Clinical Trials of Reteplase

In two open-label randomized pilot trials, different doses of reteplase were evaluated in patients with acute MI. In two studies (Reteplase [r-PA] vs Alteplase Patency Investigation During Acute Myocardial Infarction [RAPID] I and II) patients treated with two boluses of 10 U reteplase, given 30 minutes apart, had significantly higher rates of TIMI grade 3 flow compared with patients treated with either the 3-hour or front-loaded infusion of alteplase ( Figure 15-4 ). Encouraged by these favorable early patency rates, reteplase was evaluated in two large outcome trials.

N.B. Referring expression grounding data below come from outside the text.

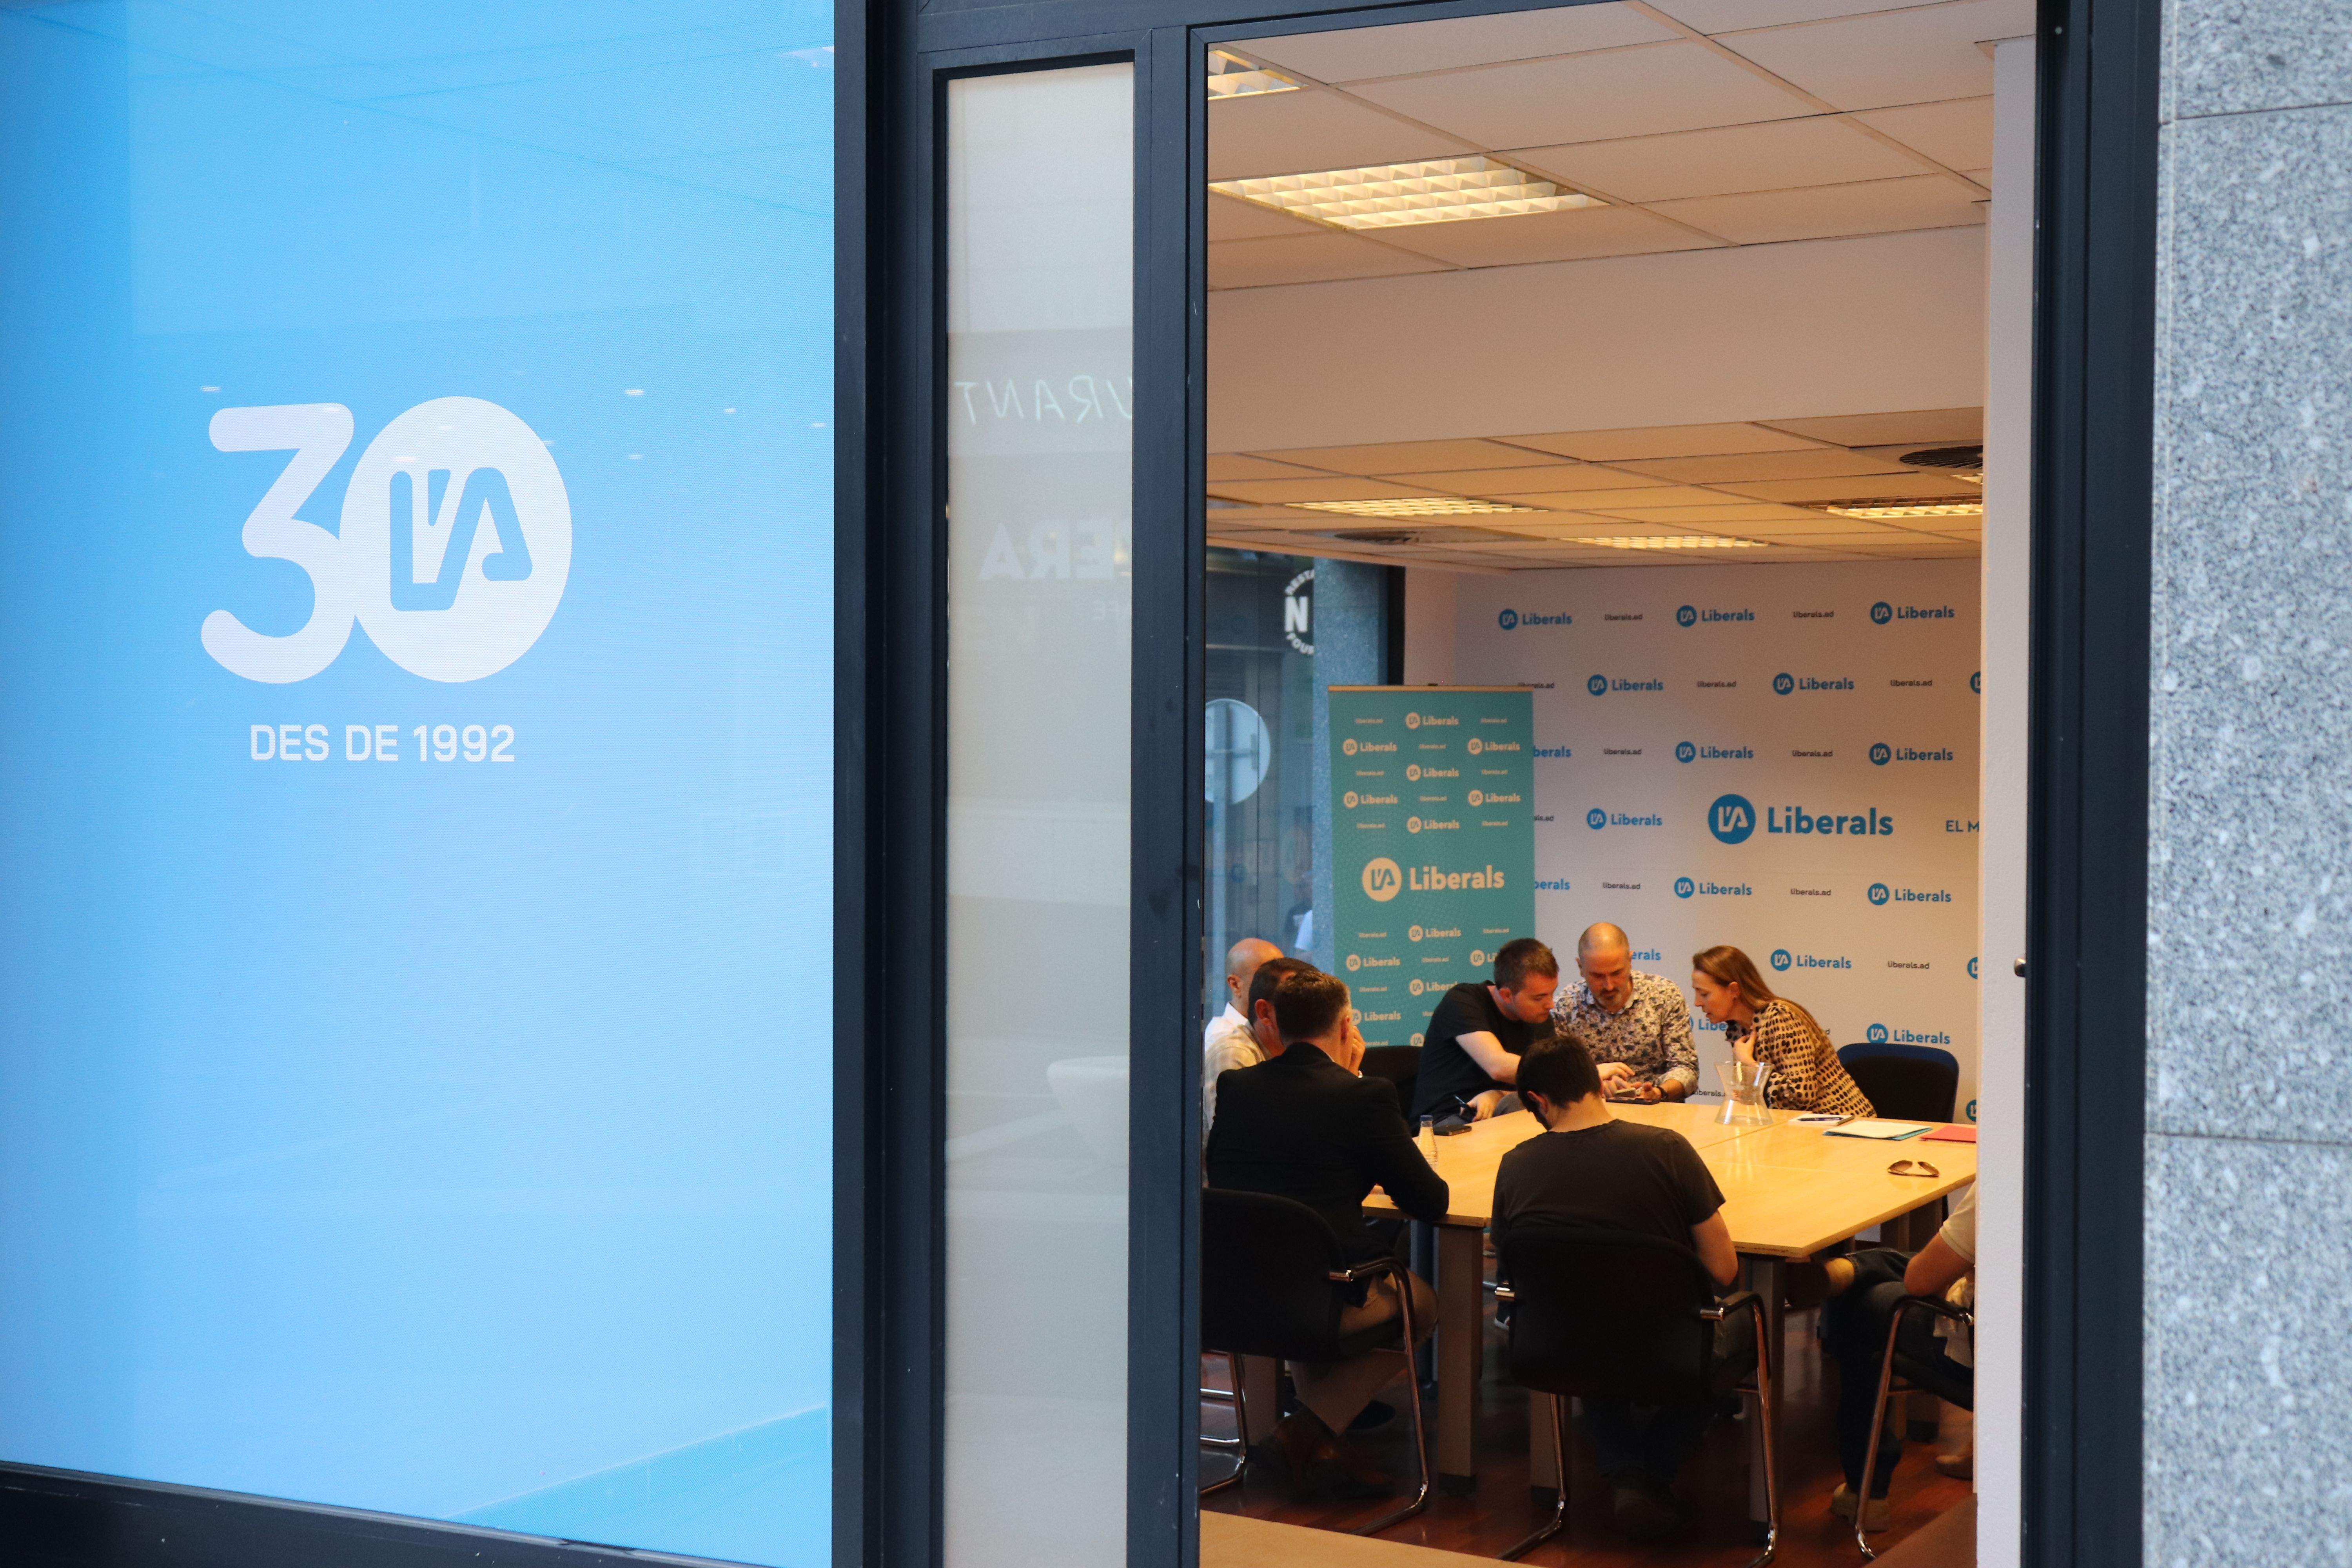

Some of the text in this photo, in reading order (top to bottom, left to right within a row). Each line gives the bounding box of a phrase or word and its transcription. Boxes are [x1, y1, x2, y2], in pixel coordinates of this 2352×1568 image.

[1702, 610, 1754, 621] Liberals
[1898, 606, 1954, 618] Liberals
[1523, 613, 1572, 624] Liberals
[1612, 680, 1663, 691] Liberals
[1799, 677, 1854, 690] Liberals
[1423, 716, 1459, 725] Liberals
[250, 724, 515, 762] DES DE 1992
[1360, 743, 1397, 751] Liberals
[1485, 742, 1520, 751] Liberals
[1533, 746, 1572, 757] berals
[1700, 747, 1753, 758] Liberals
[1896, 748, 1953, 760] Liberals
[1424, 768, 1459, 777] Liberals
[1361, 795, 1398, 804] Liberals
[1486, 793, 1521, 802] Liberals
[1425, 820, 1460, 829] Liberals
[1611, 814, 1662, 826] Liberals
[1768, 807, 1893, 835] Liberals
[1946, 820, 1963, 832] EL
[1410, 865, 1504, 890] Liberals
[1535, 878, 1570, 890] berals
[1699, 883, 1752, 895] Liberals
[1895, 889, 1951, 902] Liberals
[1426, 928, 1461, 937] Liberals
[1632, 949, 1661, 961] erals
[1363, 956, 1400, 967] Liberals
[1797, 955, 1851, 969] Liberals
[1888, 961, 1929, 969] liberals.ad
[1364, 1010, 1401, 1021] Liberals
[1699, 1019, 1727, 1031] Libe
[1894, 1030, 1950, 1044] Liberals

In the double-blind International Joint Efficacy Comparison of Thrombolytics (INJECT) trial, 6010 patients with acute MI within 12 hours of symptom onset were randomized to either double-bolus reteplase (10 U), given 30 minutes apart, or streptokinase. INJECT did not find any difference in 35-day mortality between double-bolus reteplase and streptokinase. The percentage of patients with complete ST-segment resolution was significantly higher with reteplase in a substudy of INJECT, but this did not translate into improved outcome. In the GUSTO-III trial, which was designed as a superiority trial, 15,059 patients were randomized to double-bolus reteplase or front-loaded alteplase. Like the INJECT study, mortality at 30 days was again similar for both treatment arms (7.47% vs. 7.24%), as was the incidence of hemorrhagic stroke (0.91% vs. 0.93%) or other major bleeding complications. Similar mortality rates were maintained for both treatment groups at 1-year follow-up (see Figure 15-3 ) and remained consistent among various subgroups, including older adults and patients presenting early after symptom onset. Thus, higher patency rates at 90 minutes with reteplase did not translate into lower short- or intermediate-term mortality rates. This discordance between initial patency and outcomes might be explained in part by increased platelet activation and surface receptor expression, and subsequent reocclusion, with reteplase compared with alteplase. Reteplase is still available and in clinical use today.

FIGURE 15-4, Patency versus outcome in the landmark reteplase and tenecteplase trials.